(Text-to-region grounding data)
--- START ---

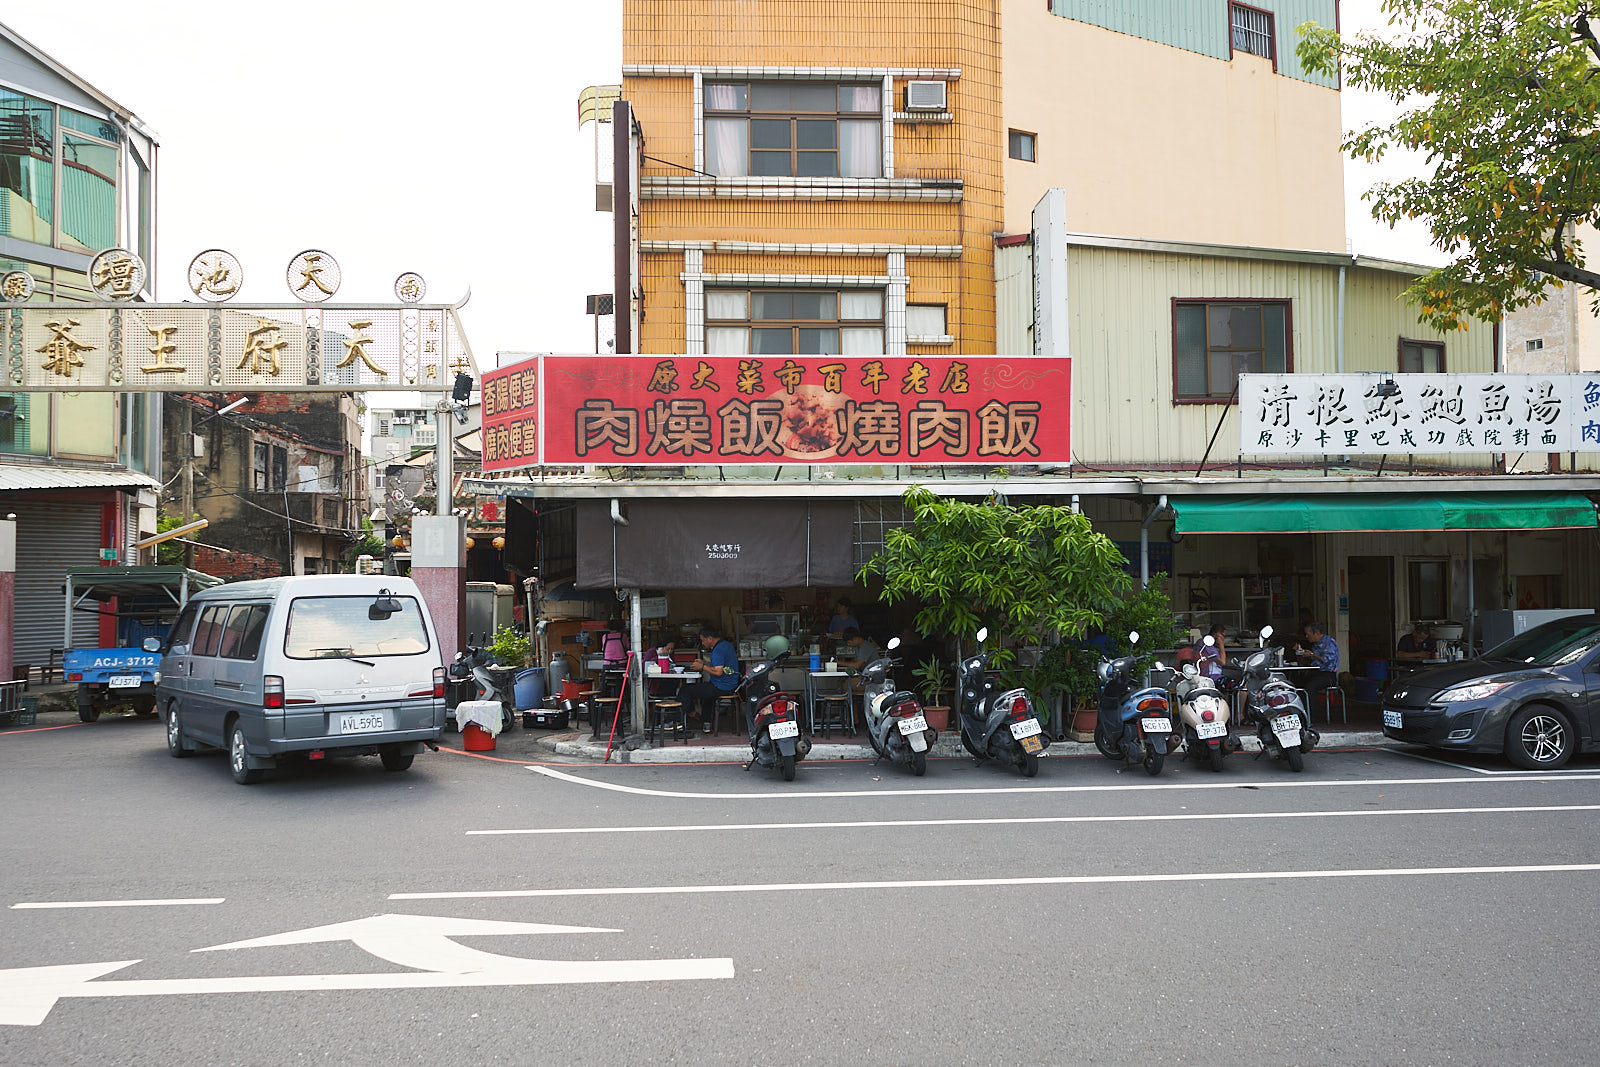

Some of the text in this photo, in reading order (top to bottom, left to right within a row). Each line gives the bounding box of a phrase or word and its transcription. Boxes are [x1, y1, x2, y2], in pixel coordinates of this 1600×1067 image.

[484, 367, 535, 416] 香腸便當
[646, 358, 971, 395] 原大菜市百年老店
[484, 417, 536, 462] 燒肉便當
[574, 398, 1042, 457] 肉燥飯 燒肉飯
[1257, 427, 1557, 447] 原沙卡里吧成功戲院對面

--- END ---

### EXERCISE GOAL:
Reproduce the data above in full, exactly as it is, with the pictures left out.

### RESPONSE BELOW:
Some of the text in this photo, in reading order (top to bottom, left to right within a row). Each line gives the bounding box of a phrase or word and its transcription. Boxes are [x1, y1, x2, y2], in pixel coordinates of this 1600×1067 image.

[484, 367, 535, 416] 香腸便當
[646, 358, 971, 395] 原大菜市百年老店
[484, 417, 536, 462] 燒肉便當
[574, 398, 1042, 457] 肉燥飯 燒肉飯
[1257, 427, 1557, 447] 原沙卡里吧成功戲院對面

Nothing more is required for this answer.